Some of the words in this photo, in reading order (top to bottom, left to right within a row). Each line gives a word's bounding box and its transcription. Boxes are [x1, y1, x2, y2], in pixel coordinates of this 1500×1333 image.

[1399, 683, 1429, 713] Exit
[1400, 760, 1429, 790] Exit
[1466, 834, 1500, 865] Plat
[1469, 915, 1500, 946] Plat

» Work order
Please reproduce each line above exactly as written.

» Task result
Some of the words in this photo, in reading order (top to bottom, left to right within a row). Each line gives a word's bounding box and its transcription. Boxes are [x1, y1, x2, y2], in pixel coordinates of this 1500×1333 image.

[1399, 683, 1429, 713] Exit
[1400, 760, 1429, 790] Exit
[1466, 834, 1500, 865] Plat
[1469, 915, 1500, 946] Plat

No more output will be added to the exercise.